[What you are asked to do]
Whenever a picture appears, leave it out while repeating all the other data exactly.
------ Exercise materials ------
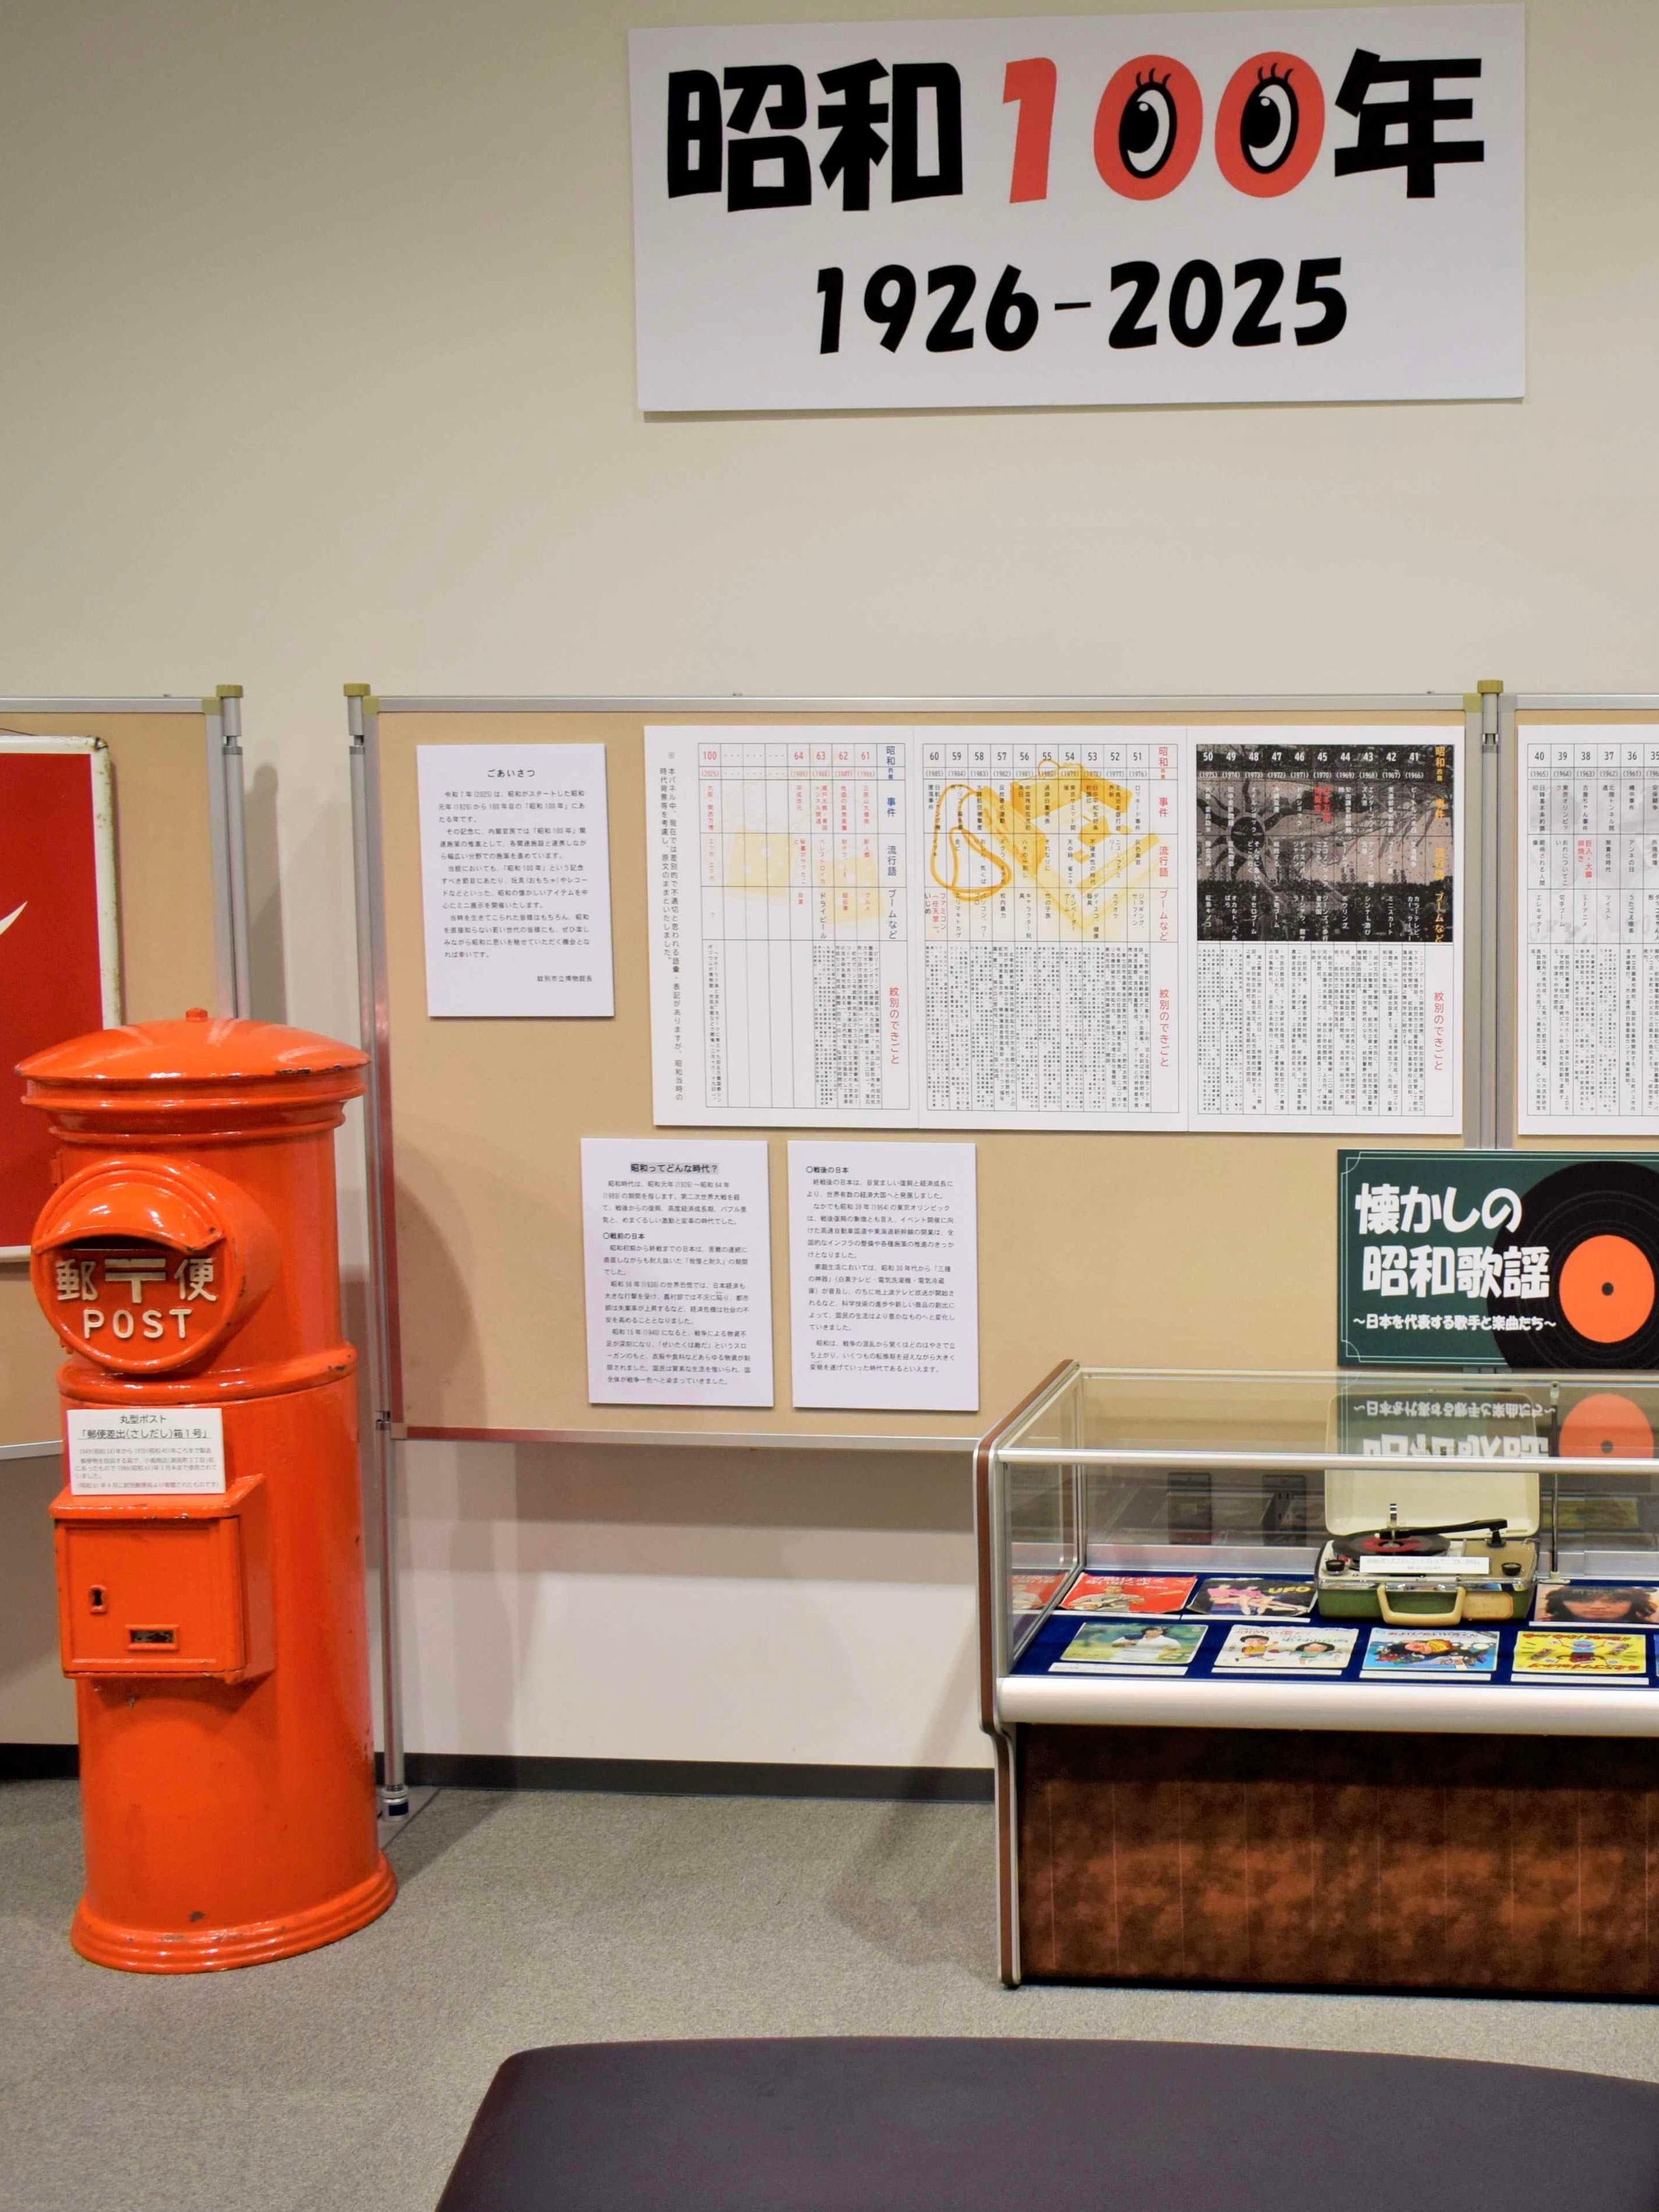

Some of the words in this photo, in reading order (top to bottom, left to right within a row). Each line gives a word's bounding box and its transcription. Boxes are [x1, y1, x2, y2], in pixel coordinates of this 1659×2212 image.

[668, 48, 1485, 212] 昭和100年
[703, 751, 716, 759] 100
[794, 751, 803, 759] 64
[816, 751, 825, 759] 63
[887, 746, 895, 765] 昭和
[930, 752, 939, 760] 60
[952, 752, 961, 760] 59
[975, 752, 984, 761] 58
[997, 753, 1006, 761] 57
[1020, 752, 1029, 761] 56
[1043, 753, 1051, 761] 55
[1065, 753, 1075, 761] 54
[1088, 753, 1097, 761] 53
[1111, 753, 1120, 761] 52
[1134, 753, 1142, 761] 51
[1159, 747, 1168, 766] 昭和
[1203, 753, 1213, 761] 50
[1227, 753, 1236, 761] 49
[1249, 753, 1259, 761] 48
[1272, 753, 1282, 761] 47
[1295, 753, 1305, 761] 46
[1317, 753, 1327, 761] 45
[1340, 753, 1350, 761] 44
[1364, 753, 1373, 761] 43
[1386, 753, 1396, 761] 42
[1409, 753, 1419, 761] 41
[1435, 746, 1445, 767] 昭和
[1535, 752, 1544, 761] 40
[1558, 752, 1567, 761] 39
[1581, 752, 1591, 761] 38
[1605, 752, 1614, 760] 37
[1628, 752, 1637, 760] 36
[487, 769, 535, 777] ごあいさつ
[887, 798, 896, 817] 事件
[1160, 798, 1168, 817] 事件
[887, 846, 897, 876] 流行語
[1160, 846, 1168, 877] 流行語
[888, 890, 897, 938] ブームなど
[1160, 891, 1168, 940] ブームなど
[1435, 892, 1445, 943] ブームなど
[889, 987, 899, 1065] 紋別のできごと
[1159, 988, 1170, 1068] 紋別のできごと
[1434, 991, 1445, 1070] 紋別のできごと
[1354, 1183, 1523, 1235] 懐かしの
[1362, 1244, 1550, 1299] 昭和歌謡
[83, 1309, 193, 1339] POST
[120, 1415, 167, 1424] 丸型ポスト
[1268, 1585, 1312, 1594] UFO
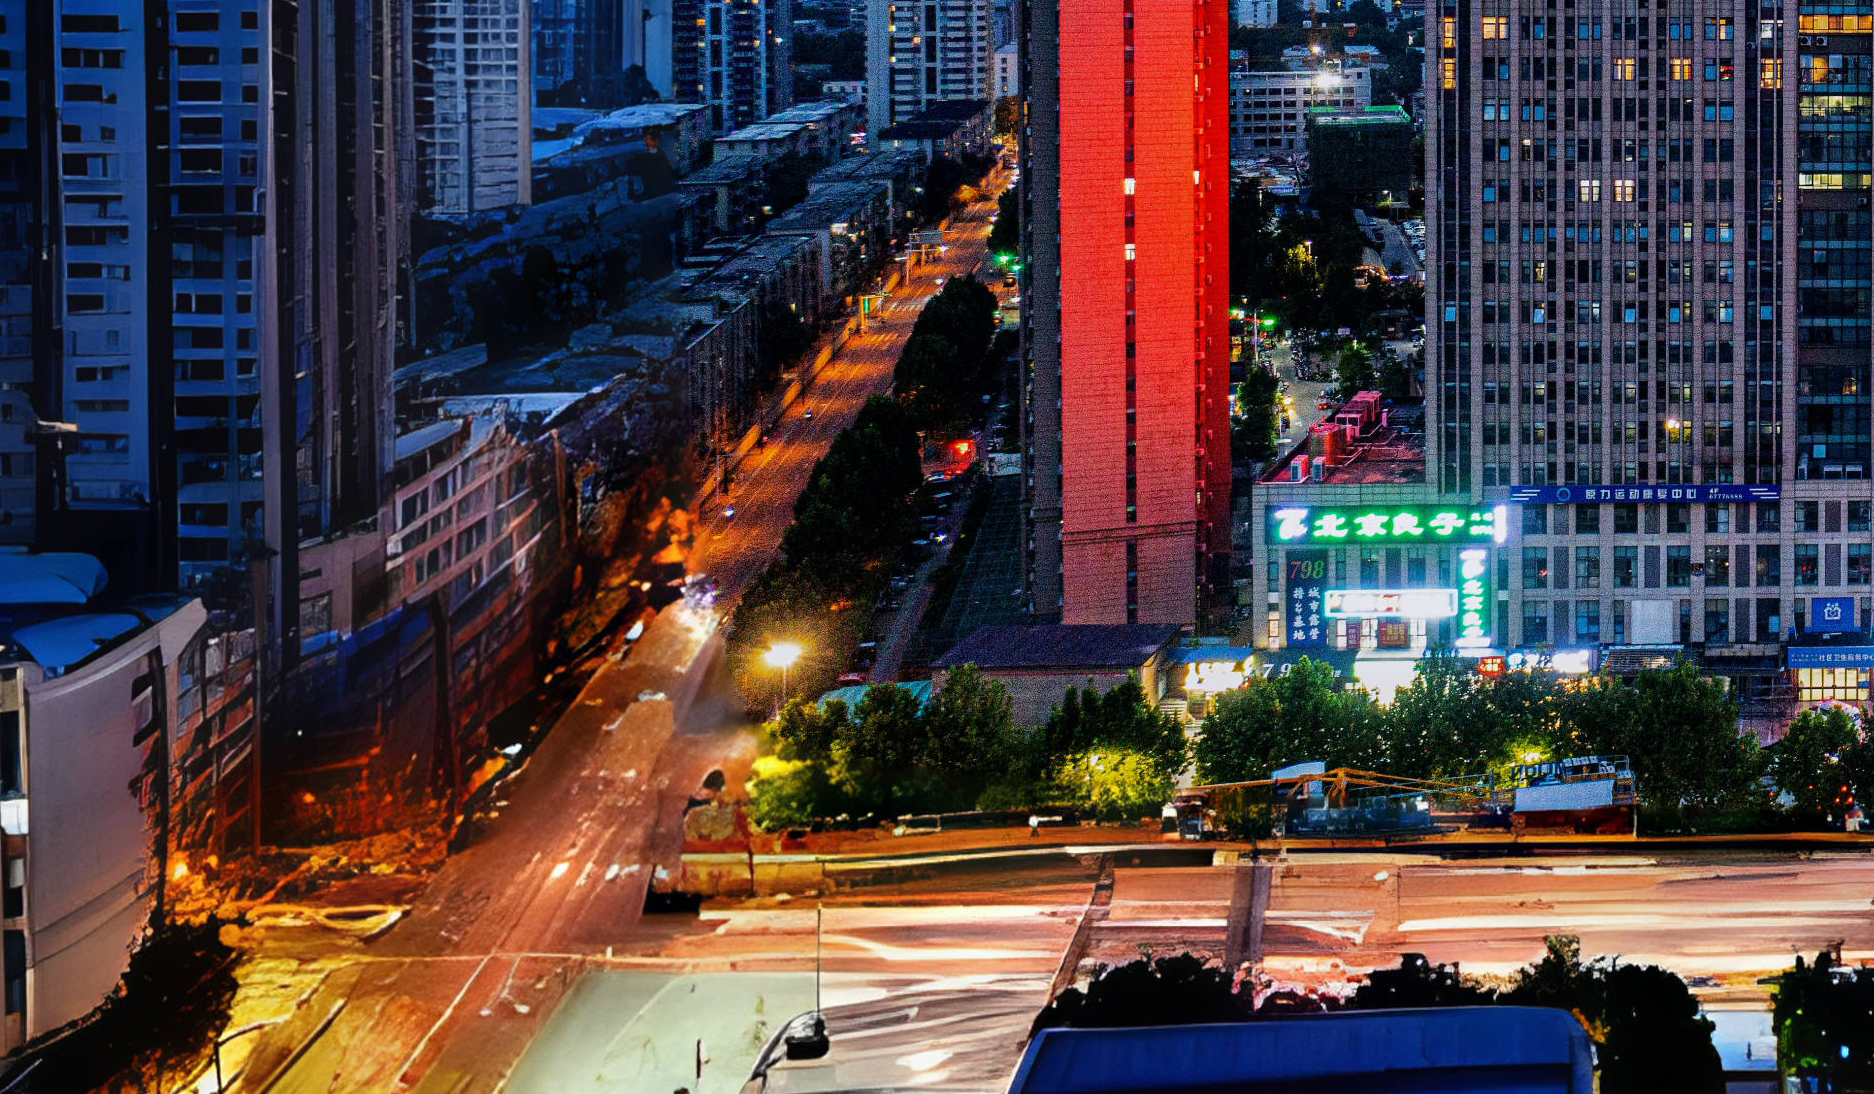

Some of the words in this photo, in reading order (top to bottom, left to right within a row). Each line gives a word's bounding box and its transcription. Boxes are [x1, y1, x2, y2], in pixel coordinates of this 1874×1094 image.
------
[Task result]
Some of the words in this photo, in reading order (top to bottom, left to right within a row). Each line gives a word's bounding box and its transcription. Boxes are [x1, y1, x2, y2], in pixel coordinates of this 1659×2212 image.

[668, 48, 1485, 212] 昭和100年
[703, 751, 716, 759] 100
[794, 751, 803, 759] 64
[816, 751, 825, 759] 63
[887, 746, 895, 765] 昭和
[930, 752, 939, 760] 60
[952, 752, 961, 760] 59
[975, 752, 984, 761] 58
[997, 753, 1006, 761] 57
[1020, 752, 1029, 761] 56
[1043, 753, 1051, 761] 55
[1065, 753, 1075, 761] 54
[1088, 753, 1097, 761] 53
[1111, 753, 1120, 761] 52
[1134, 753, 1142, 761] 51
[1159, 747, 1168, 766] 昭和
[1203, 753, 1213, 761] 50
[1227, 753, 1236, 761] 49
[1249, 753, 1259, 761] 48
[1272, 753, 1282, 761] 47
[1295, 753, 1305, 761] 46
[1317, 753, 1327, 761] 45
[1340, 753, 1350, 761] 44
[1364, 753, 1373, 761] 43
[1386, 753, 1396, 761] 42
[1409, 753, 1419, 761] 41
[1435, 746, 1445, 767] 昭和
[1535, 752, 1544, 761] 40
[1558, 752, 1567, 761] 39
[1581, 752, 1591, 761] 38
[1605, 752, 1614, 760] 37
[1628, 752, 1637, 760] 36
[487, 769, 535, 777] ごあいさつ
[887, 798, 896, 817] 事件
[1160, 798, 1168, 817] 事件
[887, 846, 897, 876] 流行語
[1160, 846, 1168, 877] 流行語
[888, 890, 897, 938] ブームなど
[1160, 891, 1168, 940] ブームなど
[1435, 892, 1445, 943] ブームなど
[889, 987, 899, 1065] 紋別のできごと
[1159, 988, 1170, 1068] 紋別のできごと
[1434, 991, 1445, 1070] 紋別のできごと
[1354, 1183, 1523, 1235] 懐かしの
[1362, 1244, 1550, 1299] 昭和歌謡
[83, 1309, 193, 1339] POST
[120, 1415, 167, 1424] 丸型ポスト
[1268, 1585, 1312, 1594] UFO

Some of the words in this photo, in reading order (top to bottom, left to right within a row). Each line gives a word's bounding box and its transcription. Boxes are [x1, y1, x2, y2], in pixel coordinates of this 1874×1094 image.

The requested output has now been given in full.